Das Schicksal der deutschen
Heimkinder der 50er und 60er Jahre ist zweimal verdrängt worden.
Das erste Mal, als sie, oft aus nichtigen Anlässen, einer
erniedrigenden, prügelnden Fürsorge anvertraut wurden. Und
noch einmal, nachdem unter dem Einfluss der 68er-Bewegung in den 70er
Jahren die Heimerziehung umgekrempelt worden ist. Bessere
Verhältnisse kehrten ein. Doch die oft lebenslangen Folgen der
Jahre in Freistatt im Teufelsmoor, im Dortmunder Vincenz-Heim oder im
hessischen Kalmenhof mussten die Betroffenen allein ertragen. Keine
Bitte um Entschuldigung, keine materielle Wiedergutmachung, keine
Ächtung dieser Praxis. Stattdessen Scham, Verdrängen,
Vergessen.
Zweieinhalb lange, manchmal beklemmende Stunden hat
sich der Petitionsausschuss des Bundestags vor einer Woche nun
Lebensgeschichten der Frauen und Männer angehört, die sich
hinter dem Satz aus dem Caritas-Jahrbuch verbergen: Kinderarbeit,
Prügel, Isolation und willkürlicher Essensentzug, sexueller
Missbrauch, sedierende Medikamentengabe, Hospitalisierung von
Kleinkindern. Und erniedrigende Botschaften, die Kinder und
Jugendliche zu einem wertlosen Nichts herabgewürdigt haben.
Es
sind Geschichten, die man nicht glauben möchte, die
Abwehrreflexe hervorrufen. Sind es Einzelfälle, Ausnahmen? Es
stimmt, dass nicht in allen Heimen dieser Zeit solche Zustände
geherrscht haben.

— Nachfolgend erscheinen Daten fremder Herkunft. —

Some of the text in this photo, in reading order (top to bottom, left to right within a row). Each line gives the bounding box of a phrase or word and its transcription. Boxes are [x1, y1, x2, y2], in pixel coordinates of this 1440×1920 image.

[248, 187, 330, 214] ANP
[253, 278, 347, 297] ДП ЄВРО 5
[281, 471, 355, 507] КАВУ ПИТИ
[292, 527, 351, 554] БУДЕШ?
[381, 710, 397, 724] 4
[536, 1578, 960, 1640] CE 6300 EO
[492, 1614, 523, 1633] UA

Aber die Recherchen, die Peter Wensierski in seinem
Buch „Schläge im Namen des Herrn“ Anfang dieses
Jahres zusammengetragen hat, die Arbeit des Vereins der ehemaligen
Heimkinder, schließlich die offiziellen Akten der beteiligten
Institutionen sprechen eine klare Sprache. Es handelt sich nicht um
Einzelfälle. Es geht nicht nur um die Folgen eines autoritären
Zeitgeistes, der Prügel ganz normal fand.
Der Befund
lautet: In kirchlichen und staatlichen Heimen ist es damals zu
fortgesetzten Menschenrechtsverletzungen an Kindern gekommen. Es gab
Akten und Schriftverkehr über prügelnde Erzieher, das
Versagen der Aufsicht, eine unentrinnbare Rechtlosigkeit von
wehrlosen Schutzbefohlenen. Es finden sich Ursachen im Geist dieser
Zeit: ein autoritäres Erziehungsverständnis, Kontinuitäten
zur Nazi-Diktatur, die materielle, persönliche, moralische
Überforderung von Eltern, Erziehern oder Heimleitern, die auf
der Schattenseite des aufstrebenden Wirtschaftswunderlandes lebten.

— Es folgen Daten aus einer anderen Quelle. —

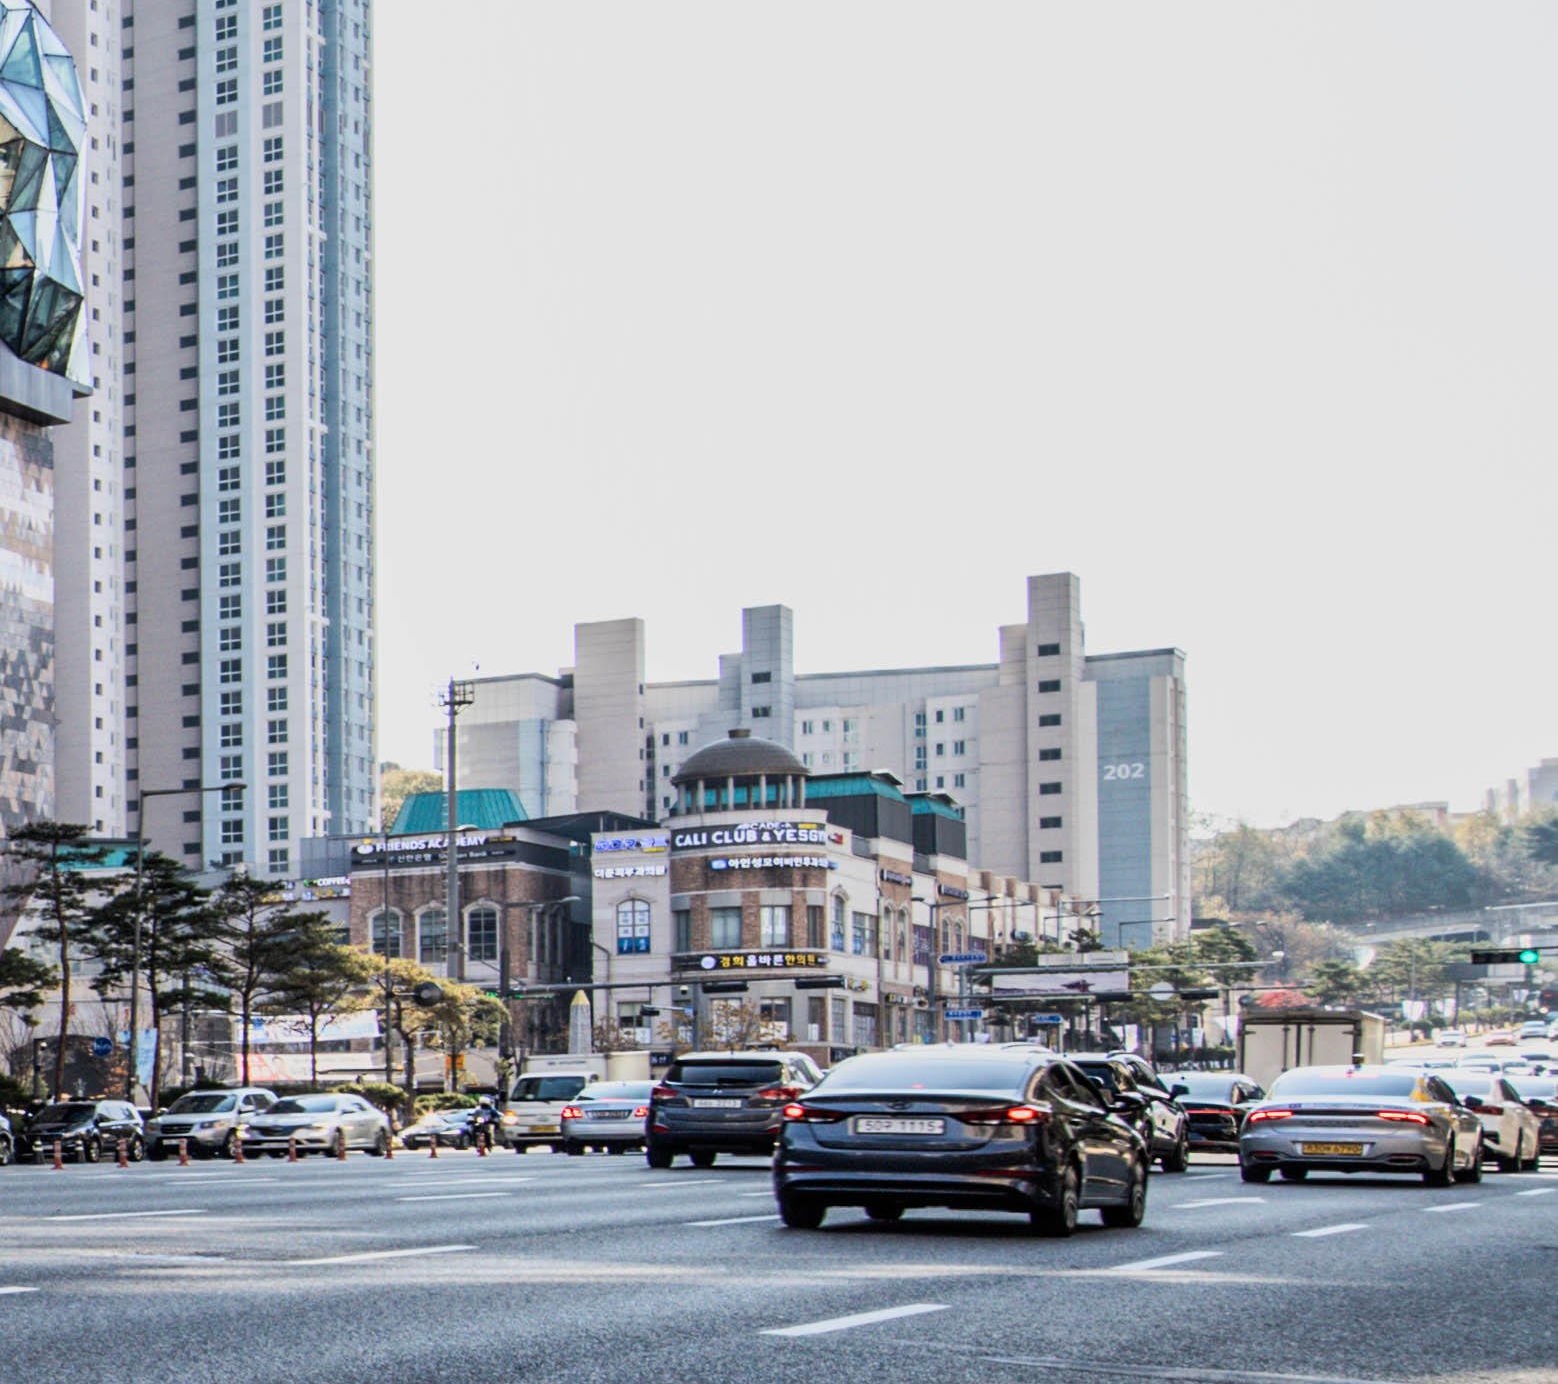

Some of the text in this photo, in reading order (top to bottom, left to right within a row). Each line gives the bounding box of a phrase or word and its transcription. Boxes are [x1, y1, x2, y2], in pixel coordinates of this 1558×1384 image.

[1103, 763, 1145, 781] 202
[675, 831, 707, 848] CALI
[712, 830, 757, 845] CLUB
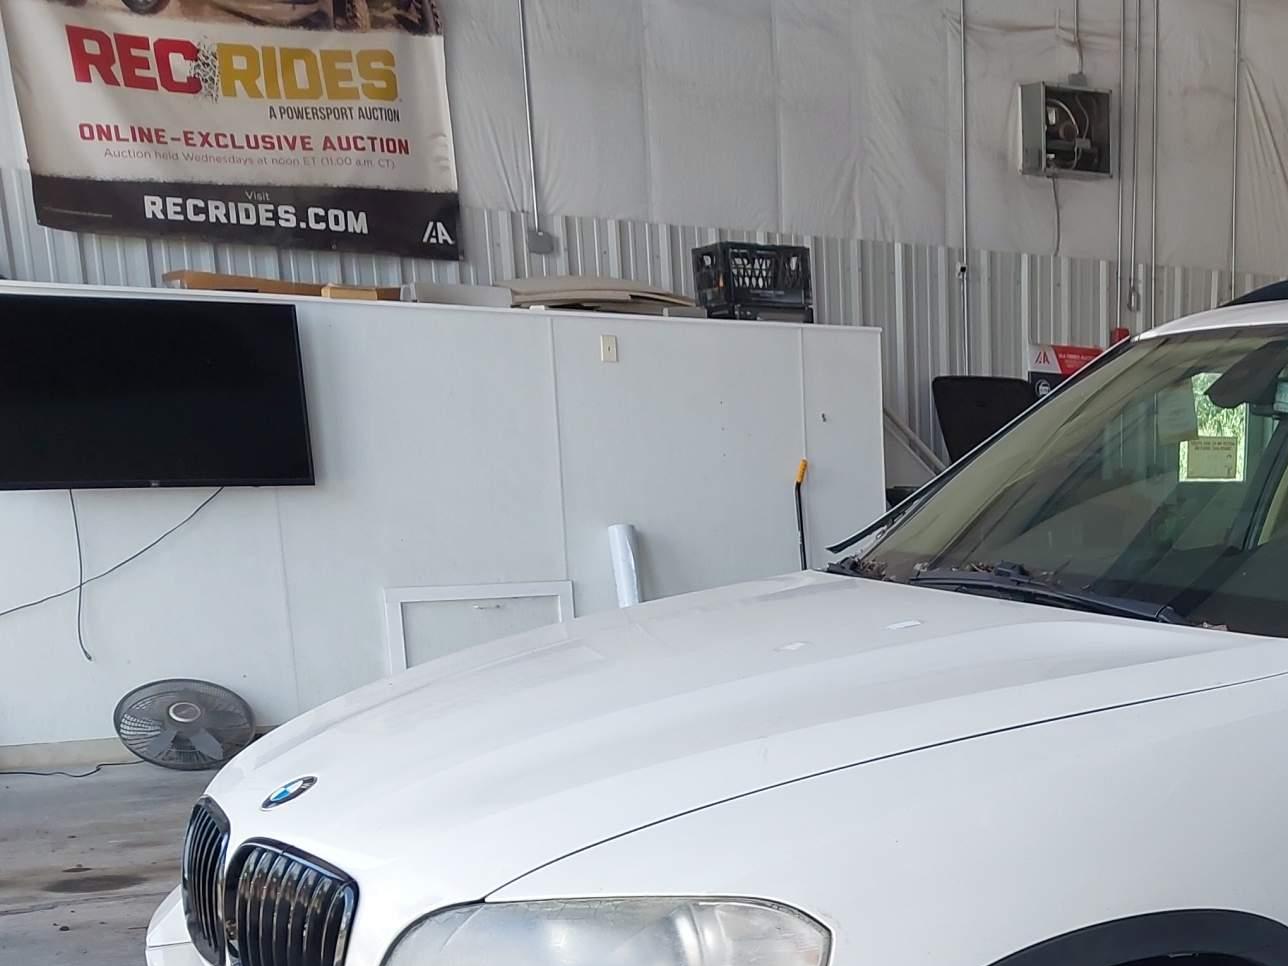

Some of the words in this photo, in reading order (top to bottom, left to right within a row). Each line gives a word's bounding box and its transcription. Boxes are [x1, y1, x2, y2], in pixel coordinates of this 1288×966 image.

[65, 25, 202, 95] REC
[216, 42, 398, 102] RIDES
[269, 106, 277, 120] A
[280, 106, 355, 121] POWERSPORT
[358, 107, 400, 122] AUCTION
[79, 123, 313, 152] ONLINE-EXCLUSIVE
[322, 135, 409, 155] AUCTION
[104, 148, 151, 160] Auction
[154, 150, 179, 161] held
[182, 152, 254, 166] Wednesdays
[257, 156, 267, 165] at
[271, 158, 300, 167] noon
[304, 156, 316, 167] ET
[245, 191, 270, 201] Visit
[143, 195, 368, 234] RECRIDES.COM

Rechtfertigen lässt sich damit aber nichts. Denn mit den
besonderen Umständen jener Zeit ist die eigentliche Versuchung
nicht untergegangen. Sie ist, im Gegenteil, zeitlos, die öffentliche
Doppelmoral, die, wenn es die Umstände fordern oder nur
ermöglichen, ihre Unzulänglichkeiten auf dem Rücken
der Schwächsten austrägt. In DDR-Heimen sind Kinder
misshandelt und gebrochen worden – in einem diktatorischen
Regime. Dass aber nach einer Diktatur die latente Machtanmaßung
über Schwächere nicht automatisch verschwindet, davon
zeugen die ehemaligen Heimkinder der frühen Bundesrepublik.
Es
ist eine Frage des Anstands, wenn Bundestag und Bundesregierung
Wiedergutmachung in Form von Rentenanerkennung und Therapiehilfen
leisten. Es ist eine Frage der Selbstachtung der demokratischen
Gesellschaft, die alte Erziehungspraxis als Menschenrechtsverletzung
zu ächten. Sie, die selbst keinen Anwalt hatten, sind mit dieser
Forderung die Anwälte der Kinder, Jugendlichen und Alten von
heute. Die Lebensgeschichten der Heimkinder erschüttern; ihr
Plädoyer, dass sie sich nicht wiederholen dürfen, hat große
Kraft.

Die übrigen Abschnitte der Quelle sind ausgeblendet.